20 Indigo parking facilities are currently equipped with 120 electric recharging terminals. Indigo is planning a phased roll-out through to 2020 in order to provide motorists driving electric vehicles with an infrastructure and a territorial network which is sufficiently dense to enable them to make long-distance journeys and overcome the constraints imposed by battery autonomy. Indigo also plans to support local authorities as part of the Energy Transition Project, which aims to install seven million electric vehicle recharging terminals between now and 2030, and align itself with the urban policies that have declared air quality a major public health objective. Towards increasingly prominent “multivariable” mobility As a complement to electric recharging terminals, Indigo has rolled out a range of services focused on electro-mobility such as electric bicycles, hosting terminals for the electric car-sharing scheme Autolib’ in Paris and the introduction of self-service electric scooters. With the rise of intermodal journeys, which number around 560,000 every day in Ile-de-France, Indigo is providing a response tailored to urban and semi-urban environments in a bid to meet the need or even strong demand for individual mobility while taking account of environmental considerations.
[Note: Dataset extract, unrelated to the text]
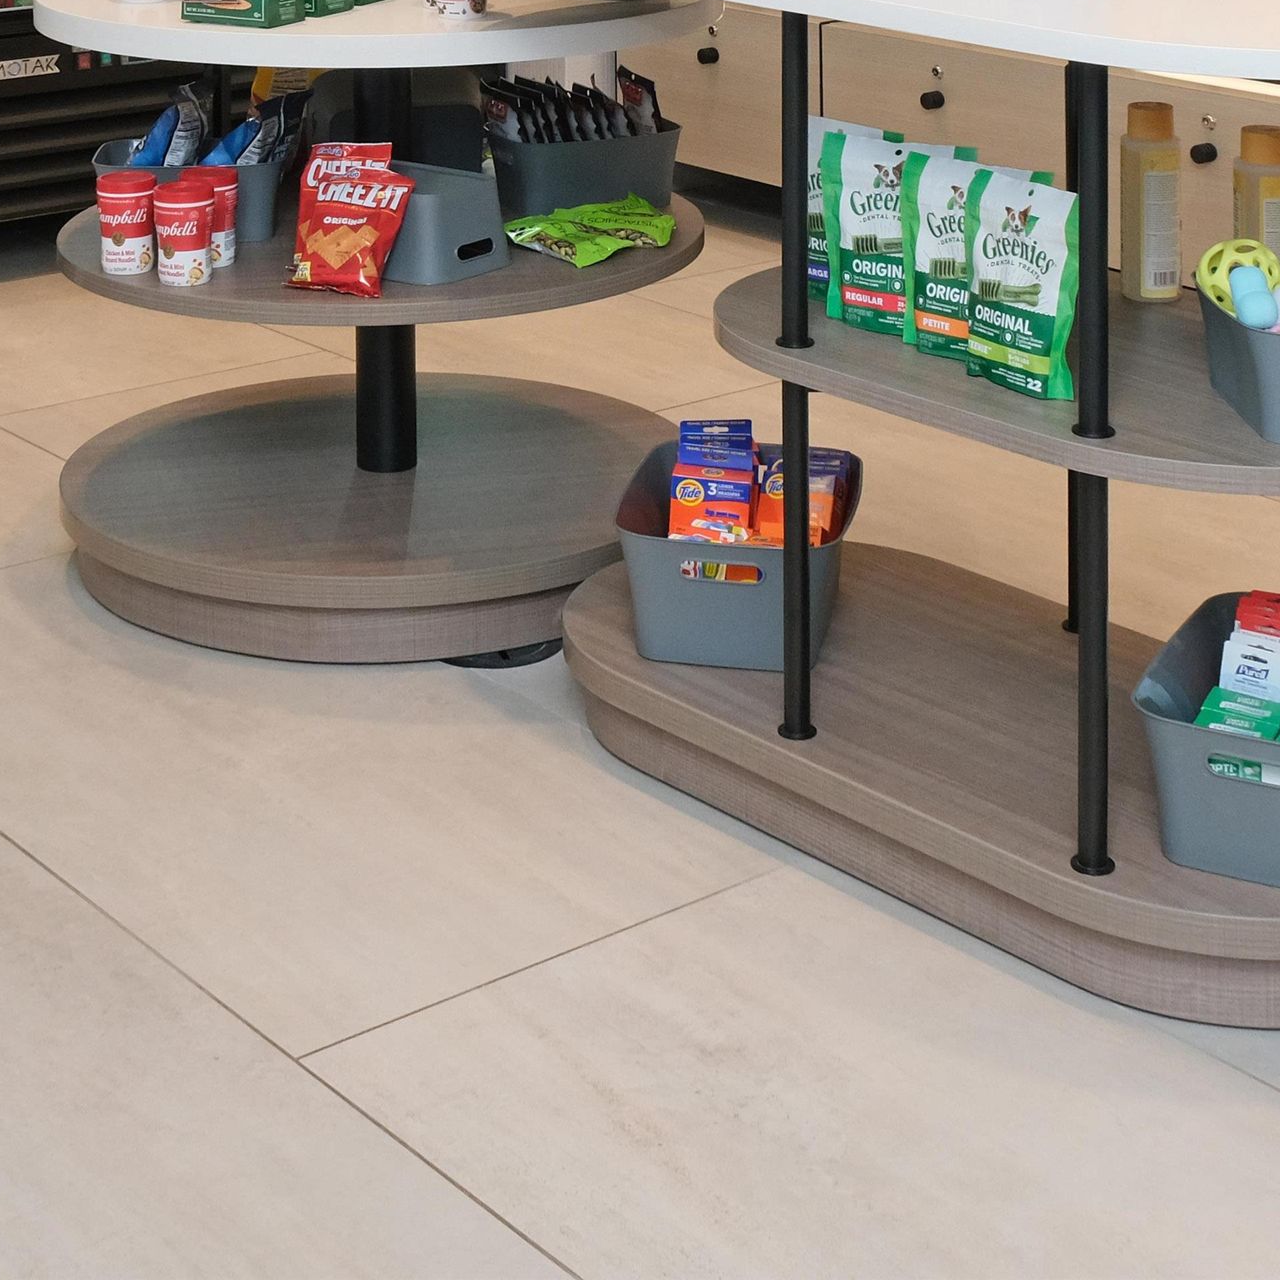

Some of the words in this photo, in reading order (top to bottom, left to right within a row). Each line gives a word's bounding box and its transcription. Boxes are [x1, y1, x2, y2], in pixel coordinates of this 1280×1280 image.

Electric car sharing is a solution that addresses the many problems relating to individual journeys and city-centre congestion, while at the same time contributing to the quality of urban life. In fact, since 17 March 2016, Indigo has integrated its own individual electro-mobility self-service solution with the acquisition of Wattmobile. Already a pioneer in the services associated with parking thanks to its mobility hubs, Indigo aims to round out its offering of services aimed at making city life easier, responding to people’s ongoing quest for practical, multi-mode, environmentally responsible solutions for getting around.
Indigo aims to develop electric car sharing in France, via the company’s partnership with SNCF (French national railways) as part of its IdPass traveller programme, and gradually create a network favouring access to “multivariable” mobility in the city while reducing the level of ambient pollution.